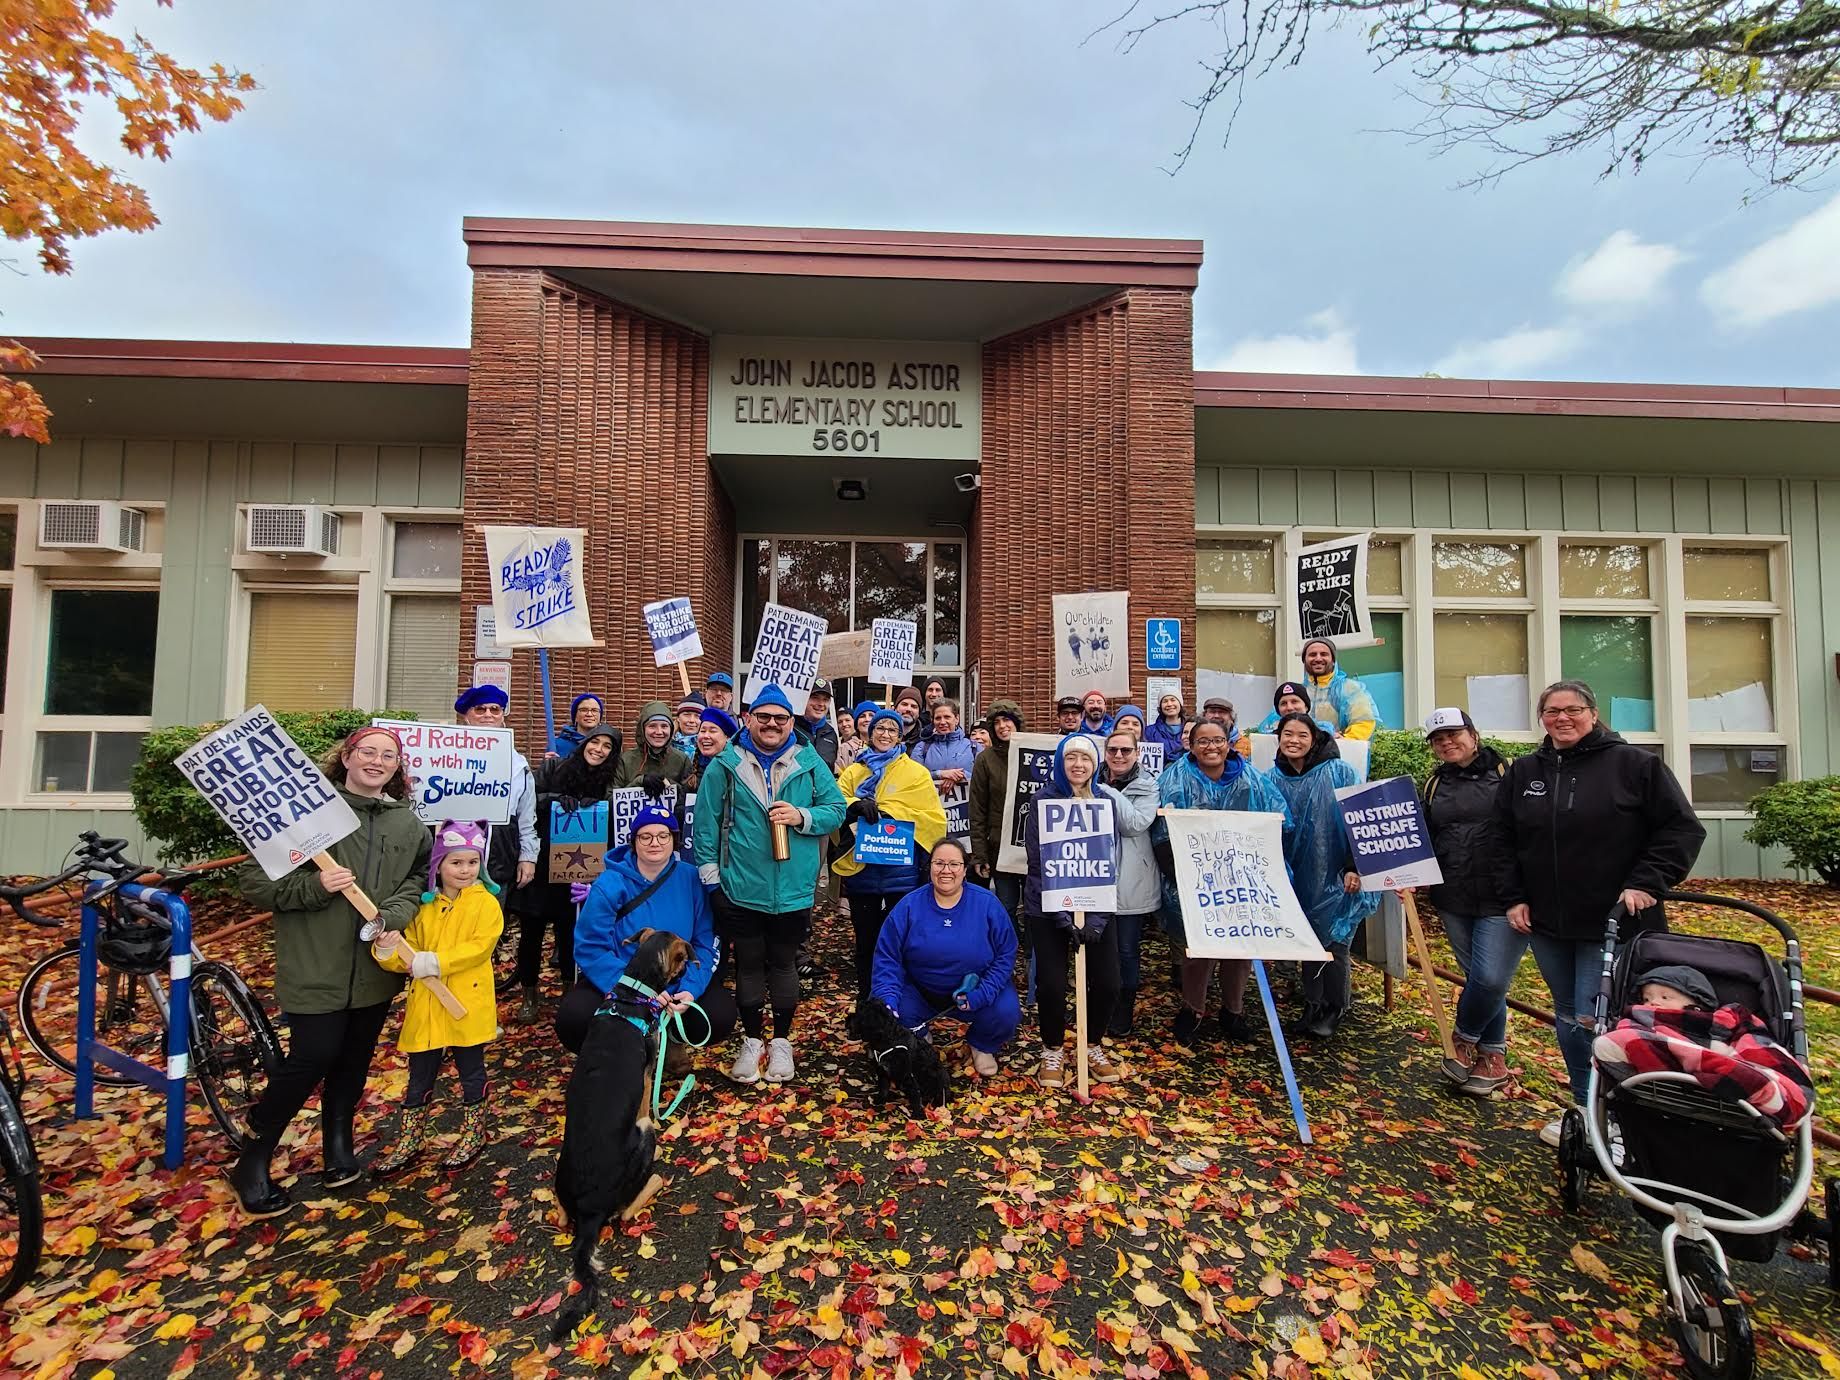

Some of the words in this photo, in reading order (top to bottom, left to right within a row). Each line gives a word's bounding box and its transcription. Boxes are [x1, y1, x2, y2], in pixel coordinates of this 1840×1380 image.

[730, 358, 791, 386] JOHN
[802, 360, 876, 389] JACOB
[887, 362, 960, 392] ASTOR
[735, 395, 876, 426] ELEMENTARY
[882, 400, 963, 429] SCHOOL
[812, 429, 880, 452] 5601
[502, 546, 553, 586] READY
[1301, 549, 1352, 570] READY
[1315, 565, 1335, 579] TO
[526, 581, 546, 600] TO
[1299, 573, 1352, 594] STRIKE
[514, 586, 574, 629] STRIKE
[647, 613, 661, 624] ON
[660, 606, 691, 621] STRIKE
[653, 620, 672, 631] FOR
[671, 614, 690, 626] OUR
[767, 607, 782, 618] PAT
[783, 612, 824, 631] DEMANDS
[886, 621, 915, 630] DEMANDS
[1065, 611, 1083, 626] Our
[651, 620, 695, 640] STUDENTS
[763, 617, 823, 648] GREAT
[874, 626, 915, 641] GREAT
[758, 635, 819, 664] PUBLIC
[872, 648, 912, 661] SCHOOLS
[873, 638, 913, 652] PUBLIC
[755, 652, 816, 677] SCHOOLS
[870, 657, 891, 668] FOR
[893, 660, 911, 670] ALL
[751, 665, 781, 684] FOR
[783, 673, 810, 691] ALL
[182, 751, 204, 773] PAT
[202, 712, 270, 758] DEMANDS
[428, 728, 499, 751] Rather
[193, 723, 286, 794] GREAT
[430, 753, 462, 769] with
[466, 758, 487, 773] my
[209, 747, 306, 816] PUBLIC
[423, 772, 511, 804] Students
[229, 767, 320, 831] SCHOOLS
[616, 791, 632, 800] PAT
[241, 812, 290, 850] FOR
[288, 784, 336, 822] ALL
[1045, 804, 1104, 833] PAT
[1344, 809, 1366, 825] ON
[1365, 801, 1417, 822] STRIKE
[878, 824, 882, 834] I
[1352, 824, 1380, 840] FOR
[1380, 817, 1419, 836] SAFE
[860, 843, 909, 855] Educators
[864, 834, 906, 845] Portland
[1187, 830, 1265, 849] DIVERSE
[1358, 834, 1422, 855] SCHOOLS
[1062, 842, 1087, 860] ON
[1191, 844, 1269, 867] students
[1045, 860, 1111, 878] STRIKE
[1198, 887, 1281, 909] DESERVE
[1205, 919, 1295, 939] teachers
* * *
Return each line of the listing that holds the string "READY".

[502, 546, 553, 586] READY
[1301, 549, 1352, 570] READY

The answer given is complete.